Slow play is central to this concern and increasingly the PGA Tour continues to set a poor example.
JB Holmes taking four-plus minutes to play his shot to the 18th at the Farmers is the most obvious example, made even worse by the fact that the round took six hours to finish.
While some older players and European Tour players were critical, many of JB’s contemporaries on tour saw little wrong in his approach, Holmes included.
Recently I watched the Pebble Beach Pro-Am and the play was so ridiculously slow, even the advert breaks came as a blessed release.
Increasingly, as with the last six groups in the Genesis Open, the first two rounds have to be curtailed by darkness and completed the following day – again entirely due to slow play meaning expected times are comfortably exceeded.
Too often the players retreat to their green map books and engage in endless discussion with their caddies on distances, type of shot, lining up, wind direction and so on.
They also seem incapable, without resort to a referee, of interpreting basic rules. It seems the main body of players are oblivious to slow play and have little intention of speeding up.
Conversely, the European Tour does seem to be trying to address this issue – the Oman Open was refreshingly far quicker – and to look at different formats to appeal to the changing world.
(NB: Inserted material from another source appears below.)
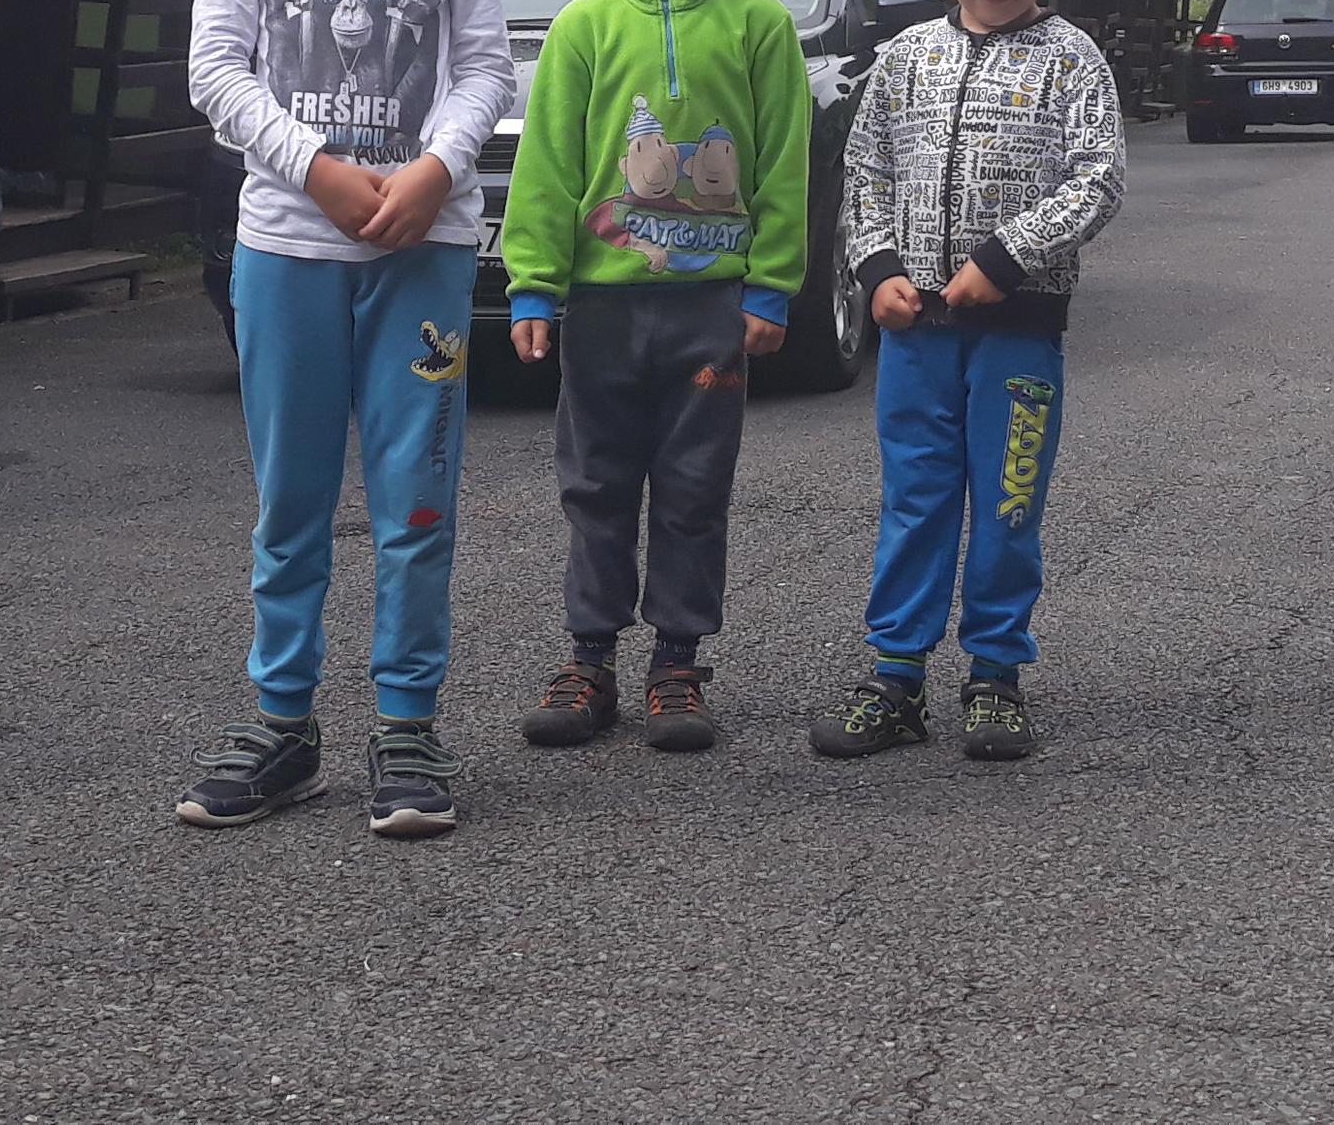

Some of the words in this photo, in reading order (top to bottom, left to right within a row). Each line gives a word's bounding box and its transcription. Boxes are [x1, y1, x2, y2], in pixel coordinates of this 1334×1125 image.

It’s time for the PGA Tour to take action and the banning of green map books would be a good start to re-establish judgement in putting and move it away from the slow exercise as at present.
Clive Kenyon, Cornwall
GAME OF TWO HALVES
The recent changes to the handicapping system, and in particular the introduction of handicaps of up to 54, really don’t seem to be a very sensible way of addressing the issue of making it easier to get people playing golf and keeping them playing. Such handicaps will only slow up play and make it far more likely that existing as well as new golfers will get very frustrated. I suggest handicaps be determined over each nine holes rather than 18.
This is compatible with the usual 18-hole round. If someone plays 18 holes in a qualifier, there would be two adjustments, based on the results of each set of nine holes, with both adjustments applied at the end of the round.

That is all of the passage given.